Io tremavo a vederlo ridotto cosí, abulico e inerte, e a lungo andare la sua condizione mi spaventò quasi quanto la fine di Esopo e Mamma Sioux, se non di piú. Non vorrei apparire spietato, ma finché c’è vita c’è speranza, e per quanto fossi sconvolto dal massacro dei miei amici, al tempo ero solo un ragazzo, uno sbarbatello col moccio al naso e le ginocchia graffiate, che non poteva certo concepire di miagolare il suo lutto per mesi.
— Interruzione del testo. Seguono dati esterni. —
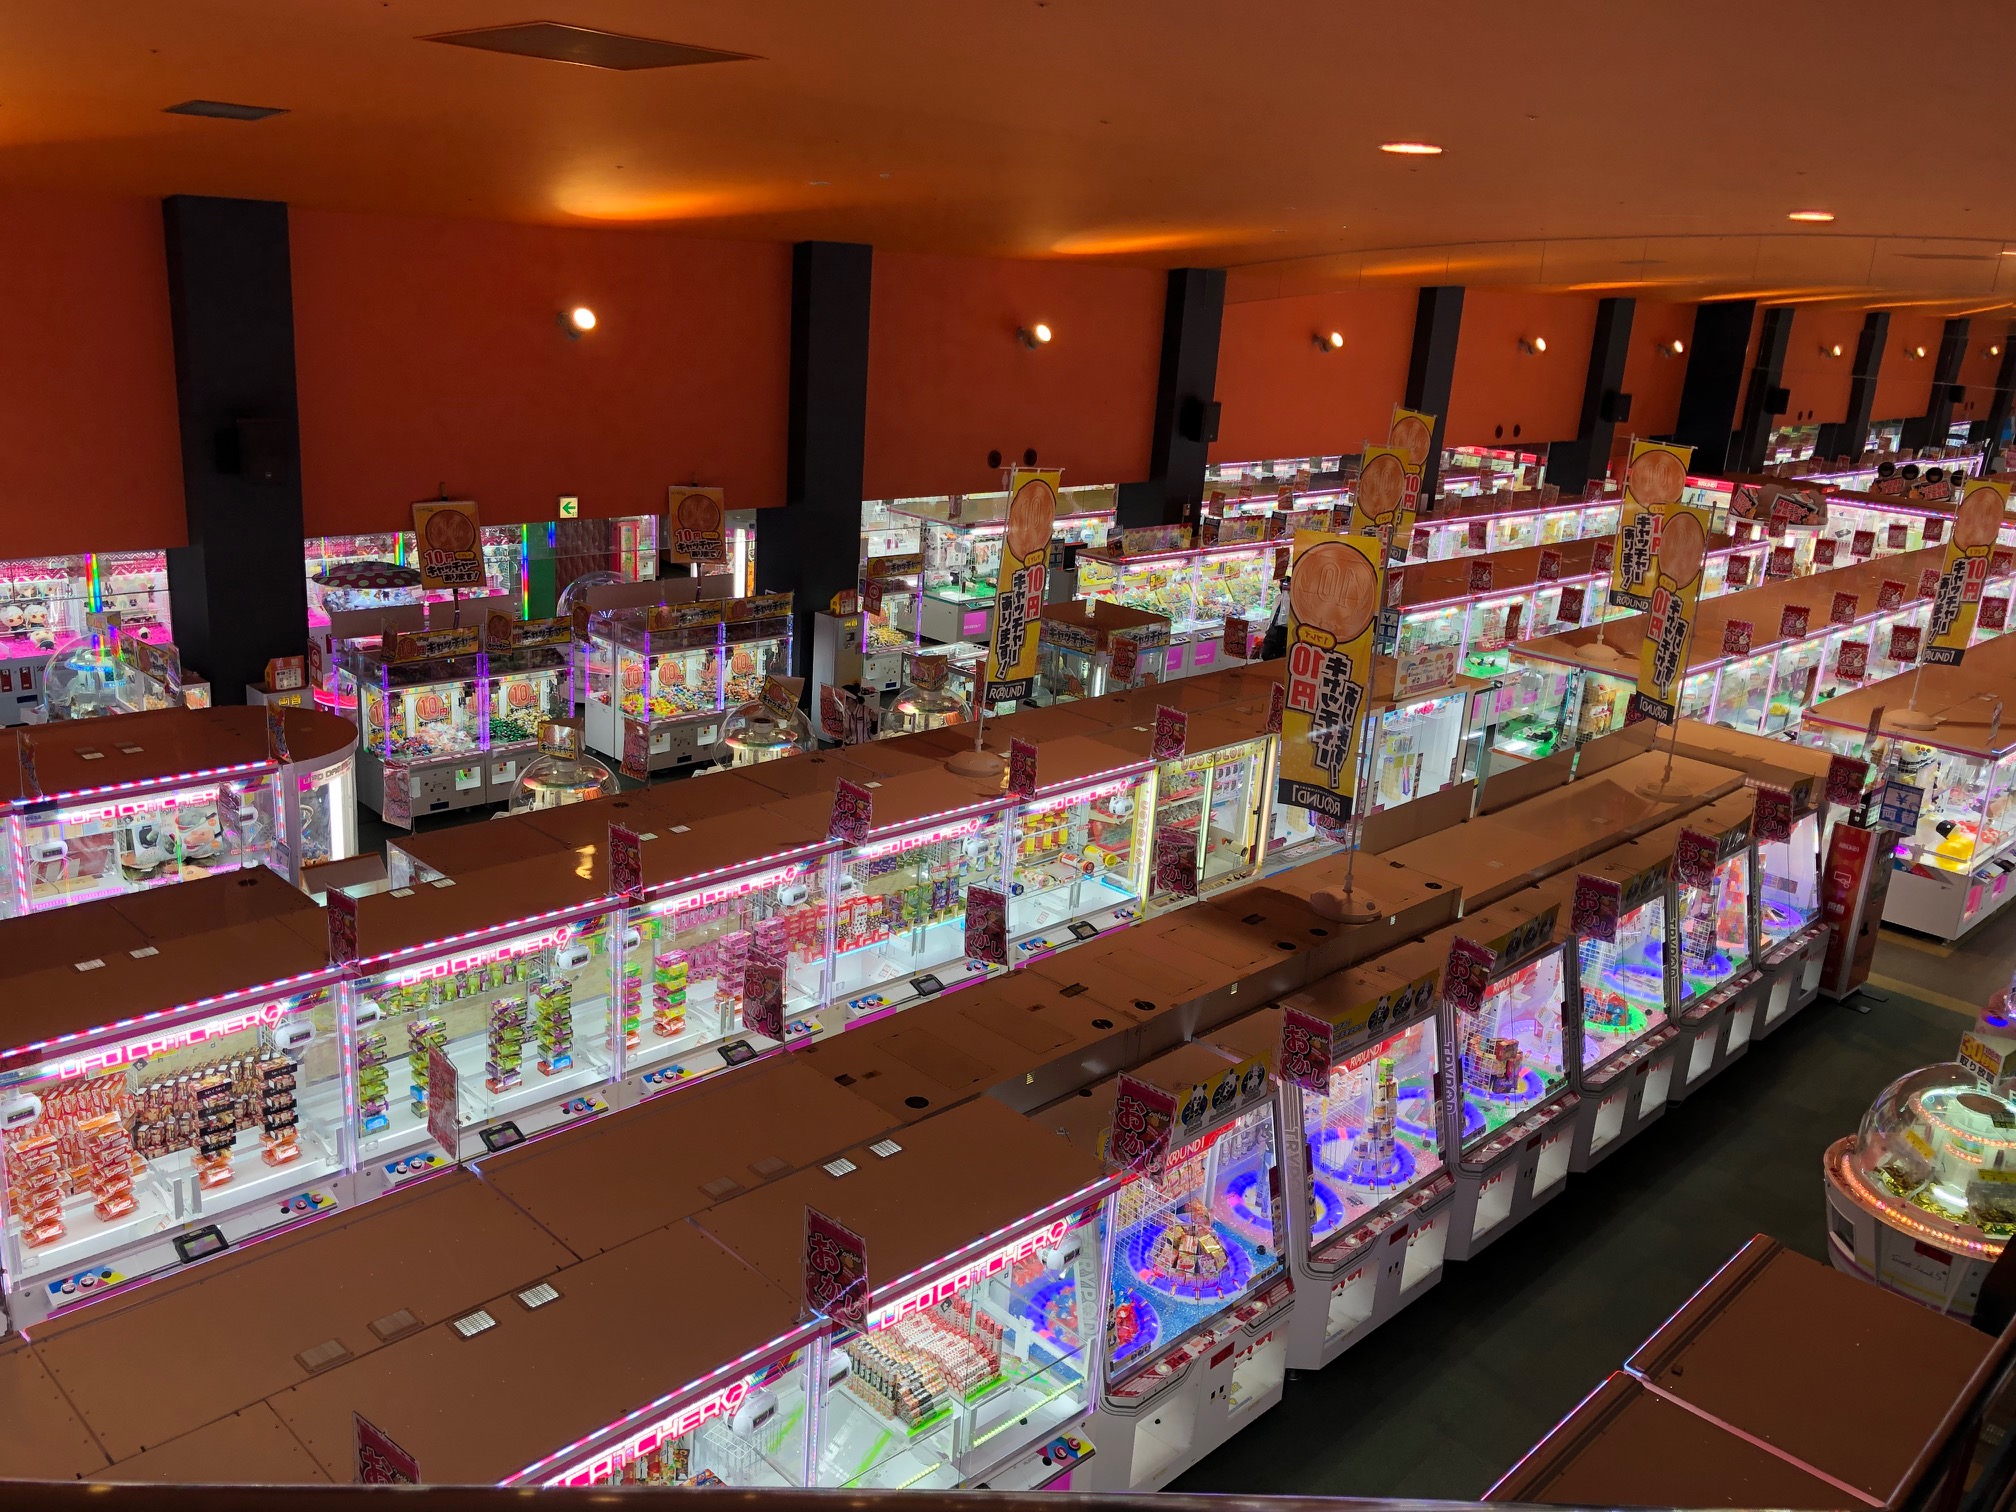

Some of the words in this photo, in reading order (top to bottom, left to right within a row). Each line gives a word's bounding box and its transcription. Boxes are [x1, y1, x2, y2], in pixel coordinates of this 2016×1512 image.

[676, 529, 701, 543] 10円
[677, 539, 722, 553] キャッチャー
[1634, 514, 1651, 583] キャッチャー
[425, 550, 454, 566] 10円
[426, 560, 479, 577] キャッチャー
[1026, 565, 1044, 620] 10円
[1963, 558, 1987, 602] 10円
[1011, 571, 1028, 668] キャッチャー
[1180, 755, 1203, 771] UFO
[70, 804, 116, 826] UFO
[1038, 799, 1065, 814] UFO
[1756, 798, 1789, 839] おかし
[1881, 806, 1917, 827] 両替
[869, 842, 900, 860] UFO
[1677, 838, 1711, 887] おかし
[662, 893, 700, 917] UFO
[1576, 887, 1613, 936] おかし
[400, 957, 449, 988] UFO
[1450, 951, 1479, 1011] おかし
[745, 967, 780, 1034] おかし
[58, 1046, 123, 1080] UFO
[1284, 1023, 1326, 1088] おかし
[1959, 1054, 1996, 1085] 取り放題
[1116, 1096, 1161, 1173] おかし
[809, 1232, 863, 1323] おかし
[879, 1289, 934, 1332] UFO
Versai le mie brave lacrime, bestemmiai il giusto, sbattei la testa nel muro, ma dopo qualche giorno, ero pronto a lasciarmi tutto quanto alle spalle e a occuparmi del resto. Immagino che questo non mi faccia poi tanto onore, ma non vedo la ragione di mentire a proposito di quel che sentivo e che non sentivo. Esopo e Mamma Sioux mi mancavano, avrei dato non so cosa per essere ancora con loro, ma di fatto non c’erano piú e non c’era supplica né preghiera capace di farli tornare indietro. A mio parere, era venuto il momento di darsi una mossa e rimettersi all’opera. Avevo ancora la testa piena di sogni sulla mia brillante carriera, e per quanto quei sogni potessero esser dettati da sporco egoismo, io non vedevo l’ora di realizzarli, di lanciarmi nel firmamento dei grandi e abbagliare il mondo con la mia grandezza.
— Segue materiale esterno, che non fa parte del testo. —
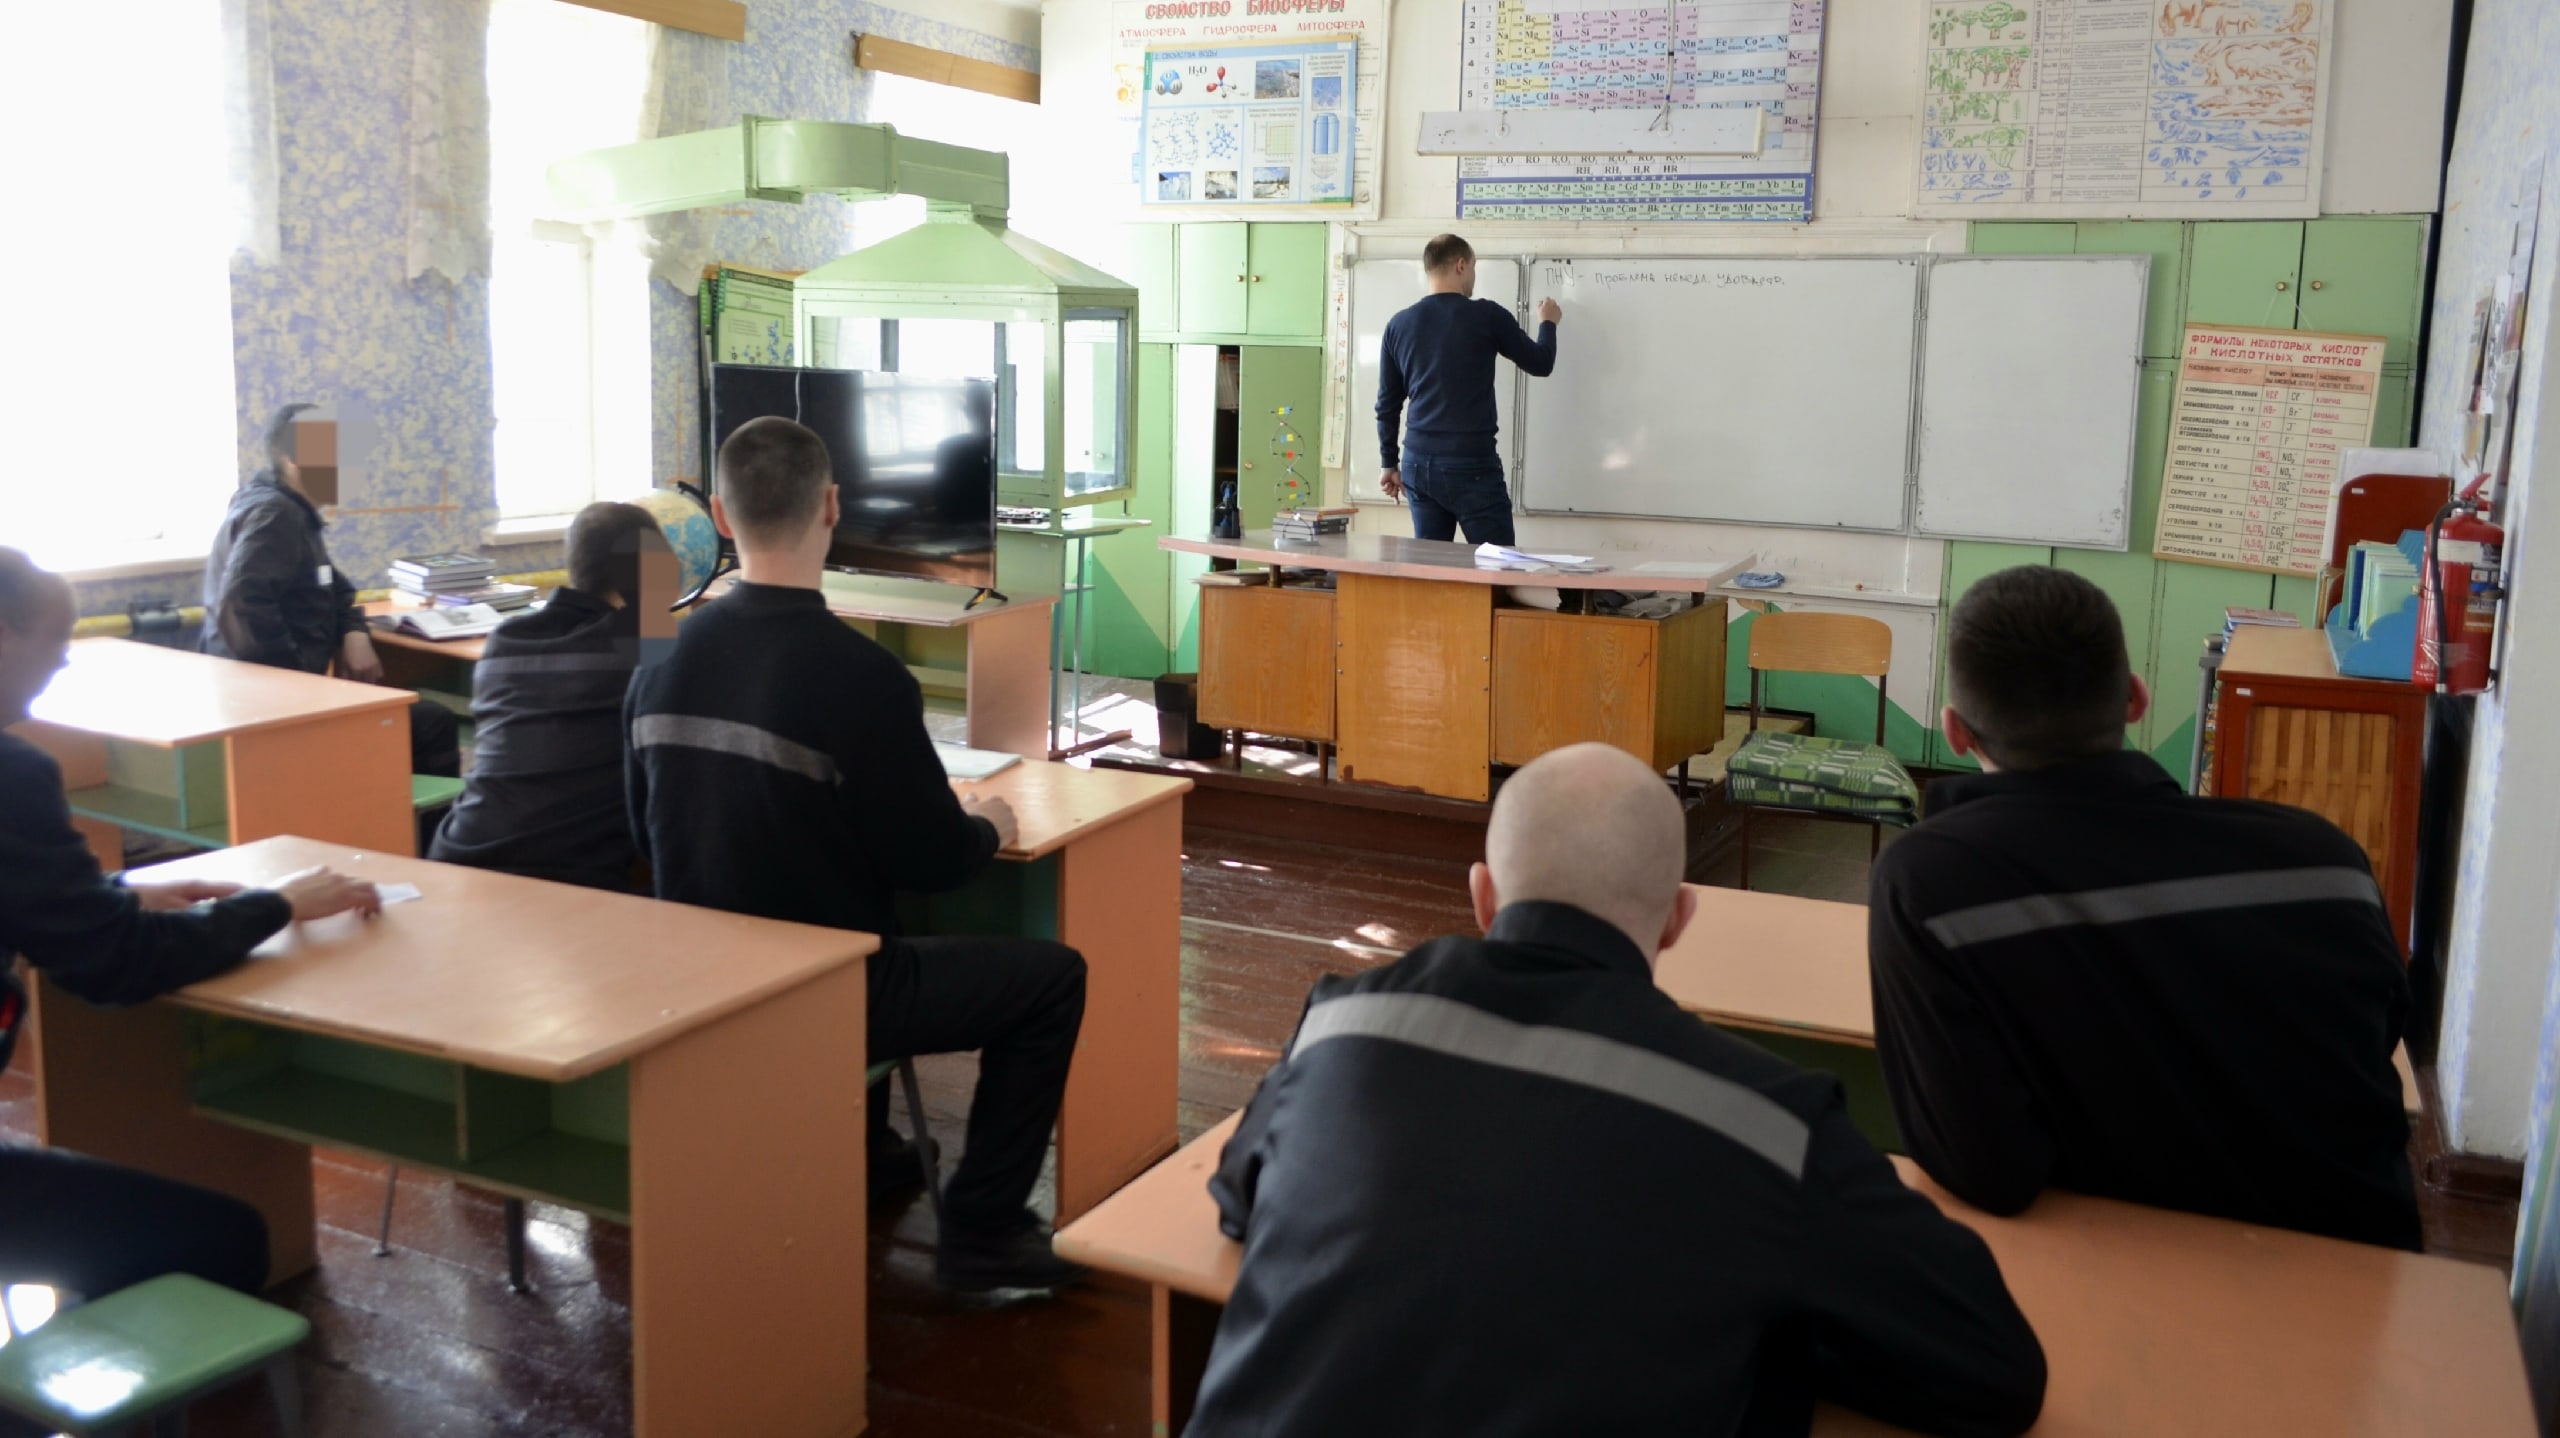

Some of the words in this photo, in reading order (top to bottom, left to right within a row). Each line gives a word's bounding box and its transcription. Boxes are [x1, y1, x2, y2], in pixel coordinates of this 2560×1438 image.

[1146, 0, 1231, 19] СВОЙСТВО
[1246, 0, 1345, 15] БИОСФЕРЫ
[1469, 21, 1476, 29] 2
[1485, 21, 1492, 29] 2
[1581, 12, 1589, 21] C
[1639, 9, 1647, 18] O
[1119, 27, 1186, 38] АТМОСФЕРА
[1203, 24, 1277, 36] ГИДРОСФЕРА
[1297, 20, 1365, 31] ЛИТОСФЕРА
[1654, 41, 1666, 49] Cr
[1681, 39, 1696, 47] Mn
[1716, 38, 1727, 46] Fe
[1199, 49, 1218, 58] ВОДЫ
[1510, 62, 1522, 70] Cu
[1538, 61, 1550, 69] Zn
[1551, 61, 1564, 69] Ga
[1467, 90, 1473, 98] 5
[1650, 73, 1665, 81] Mo
[2191, 334, 2244, 347] ФОРМУЛЫ
[2250, 338, 2312, 352] НЕКОТОРЫХ
[2321, 343, 2368, 355] КИСЛОТ
[2189, 347, 2197, 355] И
[2210, 348, 2293, 363] КИСЛОТНЫХ
[2302, 355, 2362, 367] ОСТАТКОВ
[2188, 363, 2221, 372] НАЗВАНИЕ
[2224, 366, 2253, 375] КИСЛОТ
[2170, 489, 2207, 497] СЕРНИСТАЯ
Immaginate perciò la mia delusione nel constatare che giugno si trasformava già in luglio e ancora Maestro Yehudi languiva; immaginate come potessi sentirmi quando anche luglio si fece agosto e lui non dava alcun segno di riprendersi dalla tragedia. Non solo la cosa gettava un’ombra sui miei progetti, ma mi faceva sentire abbandonato a me stesso, messo da parte, piantato in asso. Avevo scoperto un fondamentale difetto nel temperamento del mio maestro, e non gli perdonavo quella mancanza di forza interiore, quell’incapacità e quel rifiuto ad affrontare il lato merdoso della vita. Dipendevo da lui ormai da troppo tempo, la mia forza era stata la sua, e adesso lui si comportava come un qualsiasi idiota ottimista, uno dei tanti che accolgono la fortuna a braccia aperte, ma non sanno accettar le disgrazie. Mi dava allo stomaco vederlo andare in pezzi a quel modo, e mentre il suo dolore non si placava, io non potevo impedirmi di perdere fiducia in lui. Se non fosse stato per Mrs Witherspoon, credo che avrei gettato la spugna e me ne sarei anche andato. – Il tuo maestro è un uomo grande, – mi disse una mattina, – e gli uomini grandi hanno grandi sentimenti. Sono piú sensibili degli altri: vivono gioie piú grandi, ire piú grandi, e dolori piú grandi. Adesso lui sta soffrendo e gli durerà piú di quanto non durerebbe a un altro. Tu però non ti spaventare, Walt. Alla fine ne verrà fuori. Devi soltanto avere pazienza.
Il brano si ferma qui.